Li Xiangyu, Chen Weizheng, Chen Yang, Zhang Xuegong, Gu Jin, Zhang Michael Q
MOE Key Laboratory of Bioinformatics, TNLIST Bioinformatics Division/Center for Synthetic & System Biology, Department of Automation, Tsinghua University, Beijing 100084, China.
Institute of Network Computing and Information System, Department of Computer Science, Peking University, Beijing 100871, China.
Nucleic Acids Res. 2017 Nov 2;45(19):e166. doi: 10.1093/nar/gkx750.
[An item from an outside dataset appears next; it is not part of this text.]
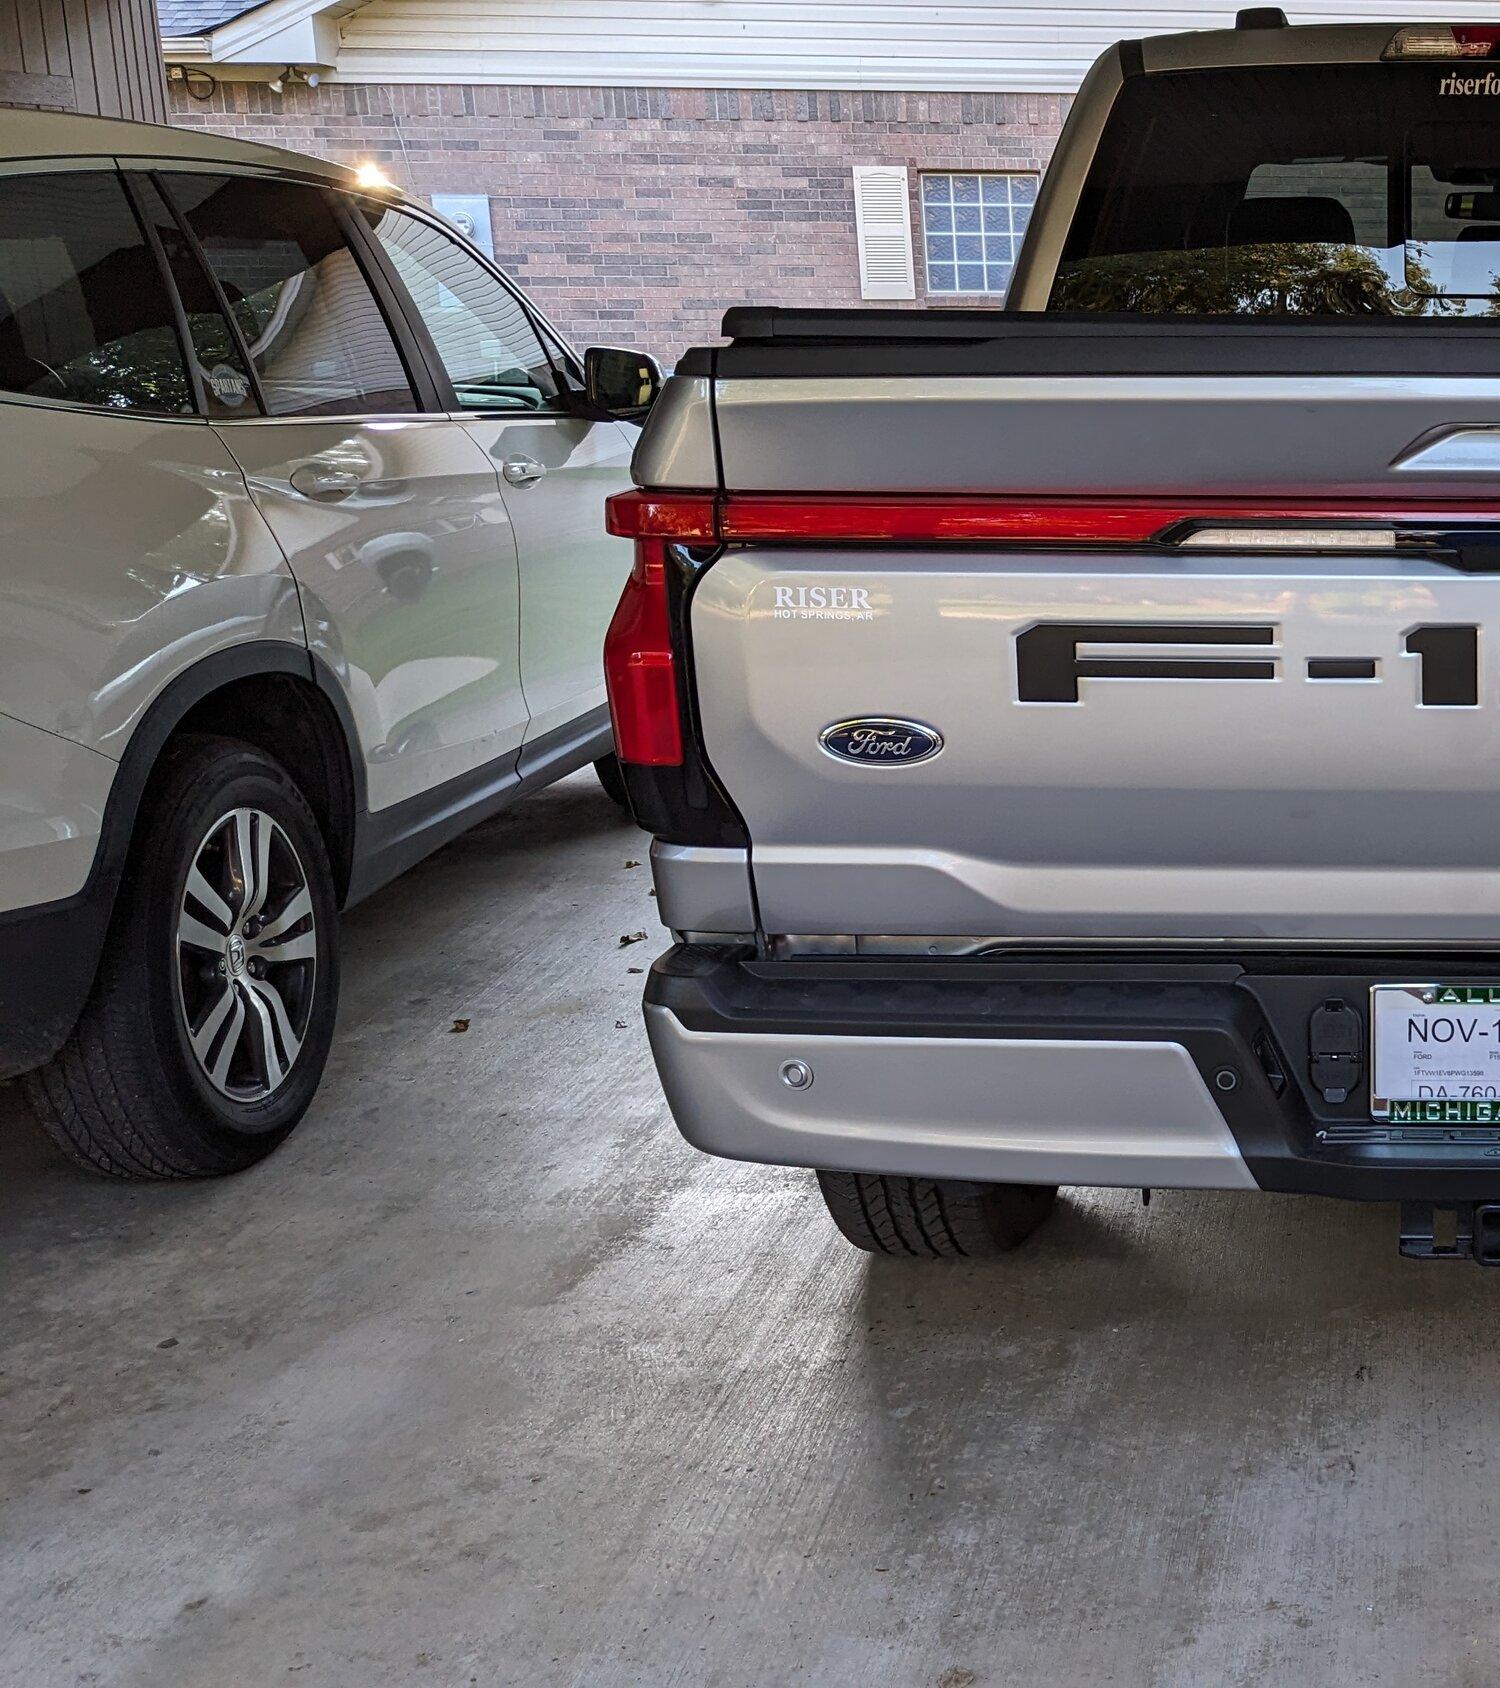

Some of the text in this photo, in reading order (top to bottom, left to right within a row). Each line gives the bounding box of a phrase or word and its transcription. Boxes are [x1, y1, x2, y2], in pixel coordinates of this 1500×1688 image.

[773, 586, 873, 609] RISER
[774, 609, 873, 621] HOT SPRINGS, AR
[848, 728, 913, 756] Ford
Single cell RNA-seq (scRNA-seq) techniques can reveal valuable insights of cell-to-cell heterogeneities. Projection of high-dimensional data into a low-dimensional subspace is a powerful strategy in general for mining such big data. However, scRNA-seq suffers from higher noise and lower coverage than traditional bulk RNA-seq, hence bringing in new computational difficulties. One major challenge is how to deal with the frequent drop-out events. The events, usually caused by the stochastic burst effect in gene transcription and the technical failure of RNA transcript capture, often render traditional dimension reduction methods work inefficiently. To overcome this problem, we have developed a novel Single Cell Representation Learning (SCRL) method based on network embedding. This method can efficiently implement data-driven non-linear projection and incorporate prior biological knowledge (such as pathway information) to learn more meaningful low-dimensional representations for both cells and genes. Benchmark results show that SCRL outperforms other dimensional reduction methods on several recent scRNA-seq datasets.
单细胞RNA测序(scRNA-seq)技术能够揭示细胞间异质性的宝贵见解。将高维数据投影到低维子空间通常是挖掘此类大数据的有效策略。然而,与传统的批量RNA测序相比,scRNA-seq存在更高的噪声和更低的覆盖率,从而带来了新的计算难题。一个主要挑战是如何处理频繁出现的基因数据丢失事件。这些事件通常由基因转录中的随机爆发效应和RNA转录本捕获的技术故障引起,常常导致传统降维方法效率低下。为了克服这个问题,我们基于网络嵌入开发了一种新颖的单细胞表示学习(SCRL)方法。该方法能够高效地实现数据驱动的非线性投影,并纳入先验生物学知识(如通路信息),为细胞和基因学习更有意义的低维表示。基准测试结果表明,在最近的几个scRNA-seq数据集上,SCRL优于其他降维方法。